The controversy involves actions by the Bureau of Land Management (BLM) and the U.S. Forest Service (USFS) in the White River National Forest (WRNF), in which Thompson Divide is located. In December the USFS issued a record of decision (ROD) to amend the resource management plan for the WRNF, which combines part of two alternatives, noting that 194,123 acres are available for leasing and 800,555 acres are legally closed to leasing as the result of Congressional direction (see Shale Daily, Dec. 10, 2014).

In the ROD, 25 contested leases would not be impacted and would be maintained by privately held SG Interests Ltd. and Ursa Resources Group. Last year the producers received two-year natural gas lease extensions (see Shale Daily, April 3, 2014).
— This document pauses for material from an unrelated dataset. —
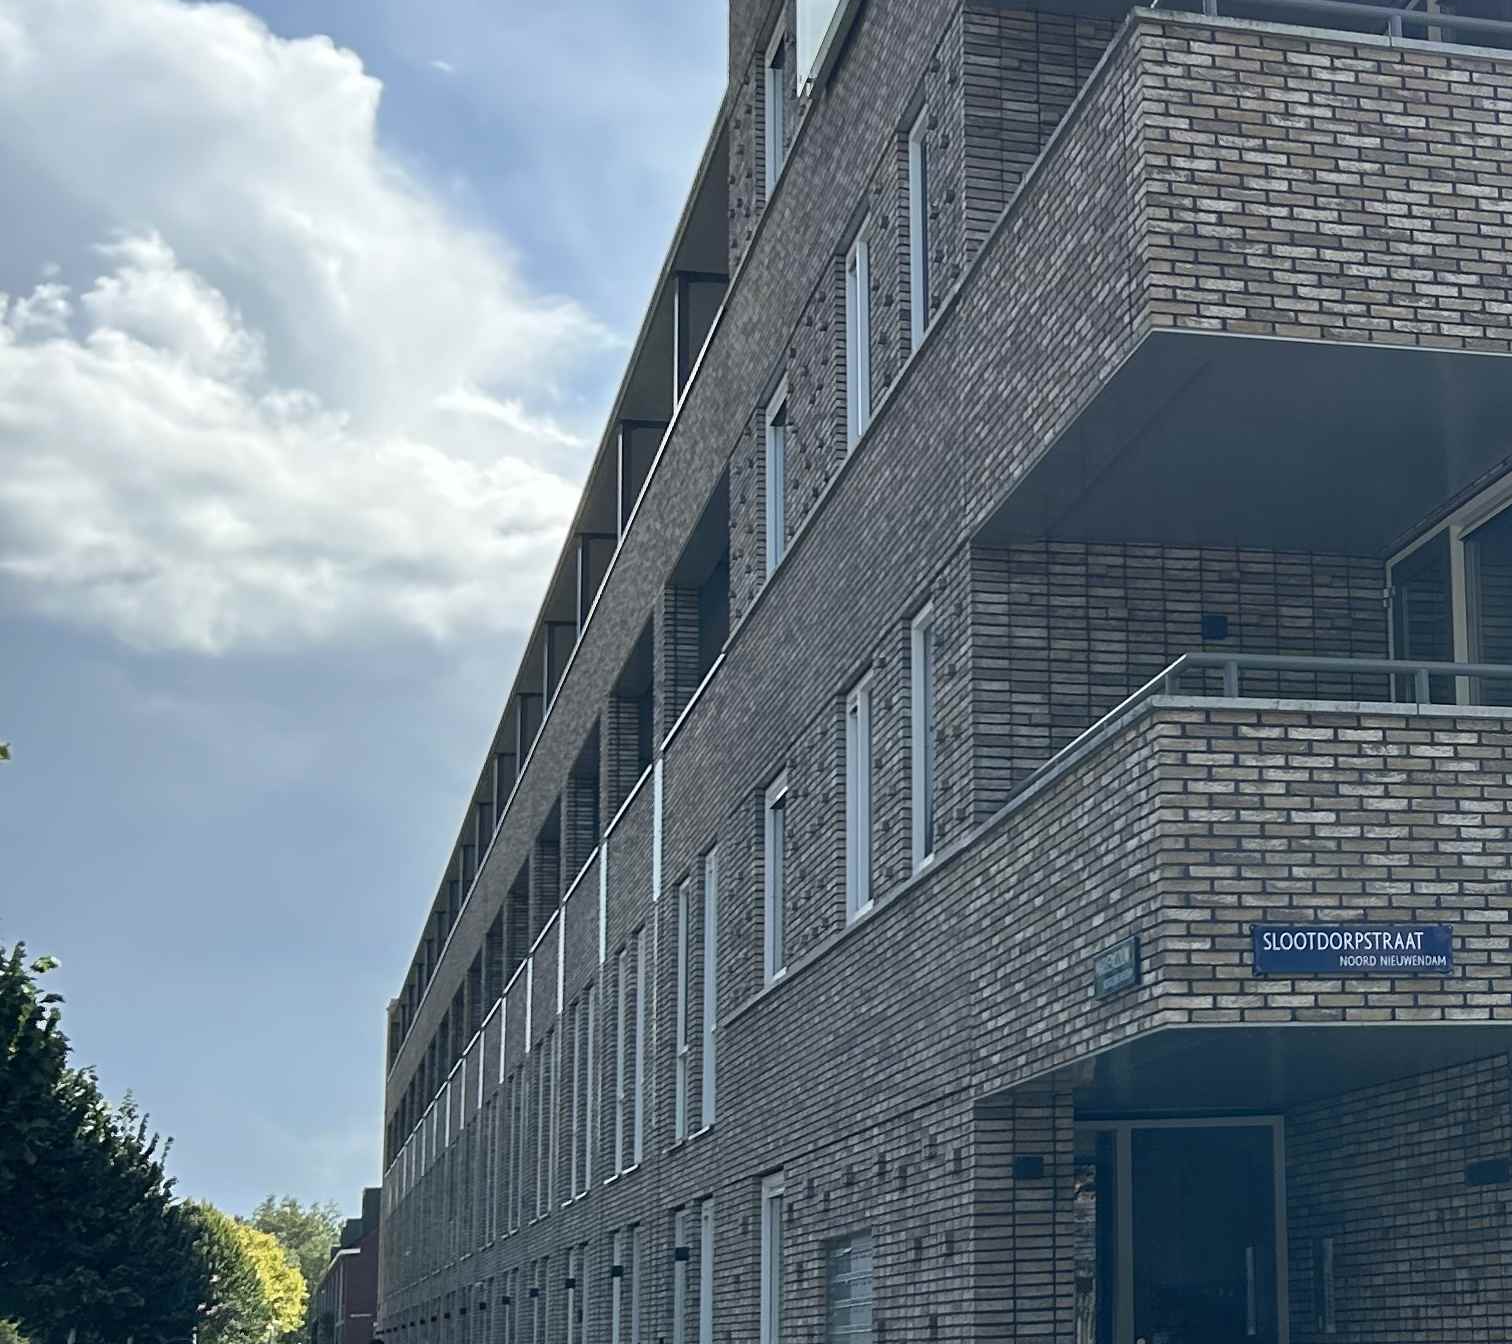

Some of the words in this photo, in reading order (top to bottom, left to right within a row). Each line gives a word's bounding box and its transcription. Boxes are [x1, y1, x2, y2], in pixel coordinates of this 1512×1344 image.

The extensions were to allow time for BLM’s environmental review to be completed, according to the Western Energy Alliance (WEA), one of three groups that filed an objection with the USFS on Tuesday.
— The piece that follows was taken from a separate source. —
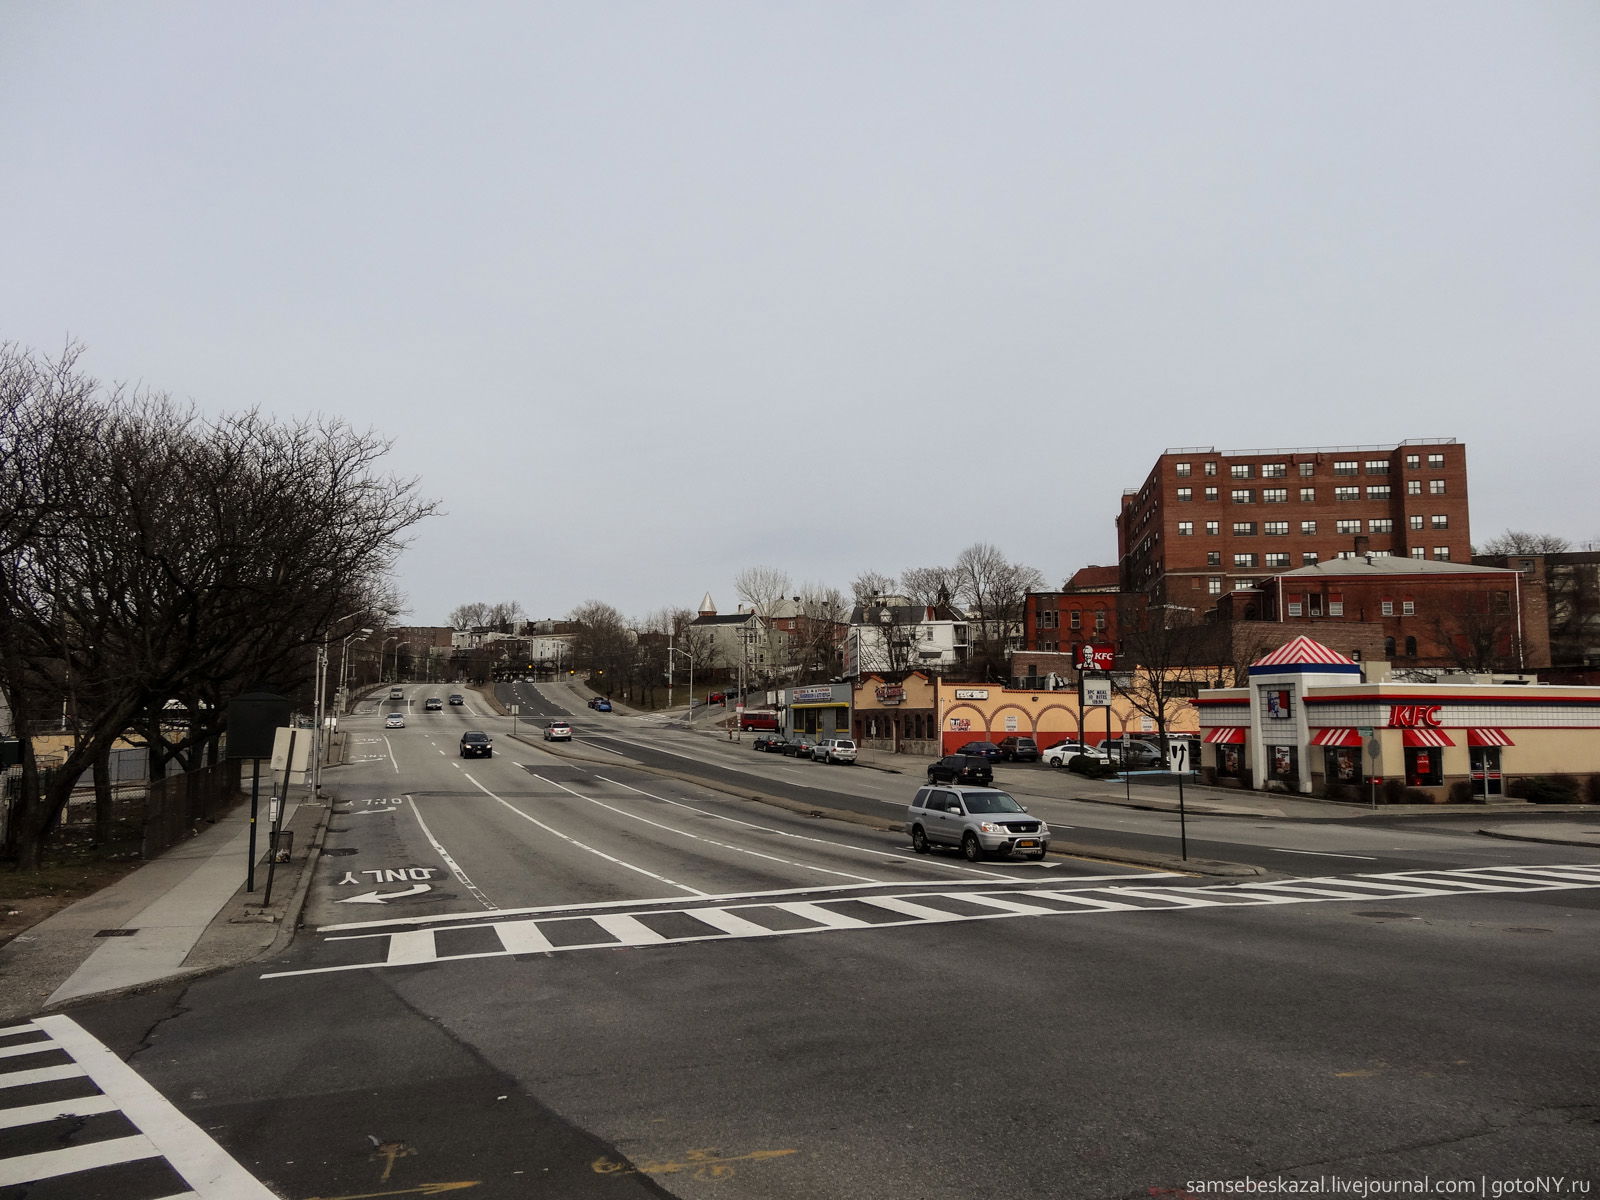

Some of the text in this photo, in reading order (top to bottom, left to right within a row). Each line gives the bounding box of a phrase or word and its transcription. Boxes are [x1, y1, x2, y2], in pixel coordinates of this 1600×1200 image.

[1094, 652, 1114, 660] KFC
[1388, 705, 1442, 727] KFC
[345, 798, 402, 806] ONLY
[338, 867, 434, 885] ONLY
The filing objects to the ROD, which is setting surface restrictions that could lead BLM to restrict or terminate the leases, an industry spokesperson told NGI‘s Shale Daily.

WEA, the West Slope chapter of the Colorado Oil and Gas Association (COGA) and the Independent Petroleum Association of America argued in the objection that previously granted leases cannot be retroactively changed.
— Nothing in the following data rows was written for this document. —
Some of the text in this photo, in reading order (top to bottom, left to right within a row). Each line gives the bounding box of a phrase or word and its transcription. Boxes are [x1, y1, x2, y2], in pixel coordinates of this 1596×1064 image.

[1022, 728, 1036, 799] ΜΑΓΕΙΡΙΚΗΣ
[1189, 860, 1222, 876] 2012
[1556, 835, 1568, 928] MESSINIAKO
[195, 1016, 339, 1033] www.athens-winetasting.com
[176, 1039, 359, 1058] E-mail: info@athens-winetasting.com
The groups are calling for the USFS to withdraw the plan and complete a comprehensive analysis required by the National Environmental Policy Act (NEPA). The groups contend the review process has been “marred by political interference and superficial analysis.” It further “fails to successfully balance responsible energy development with conservation and ignores the broad economic needs of all local communities,” the groups said.

“These changes are in contrast to the federal government’s long-standing policy of encouraging responsible energy development on federal lands under multiple-use principles,” the filing stated. “There are significant potential and attainable natural gas and oil resources in the Piceance Basin underlying the [forest lands].”

While numerous environmental organizations and elected officials have weighed in to influence the current course by the federal agencies, the objecting industry organizations said the current WRNF plan for oil and gas is “the result of a politicized biased process.” As a result, they contend the USFS needs to address “significant flaws” and conduct a new planning process “that is in compliance with the law and its own policies.”

Fanning the fires of opposition to future industry development, American Rivers last year designated Colorado’s White River one of the 10 most endangered rivers in the United States because of the oil and gas activity in and around the area (see Daily GPI, April 15, 2014). The group’s report said “15,000 proposed new oil and gas wells in the region threaten to ruin clean drinking water and fish and wildlife habitat.”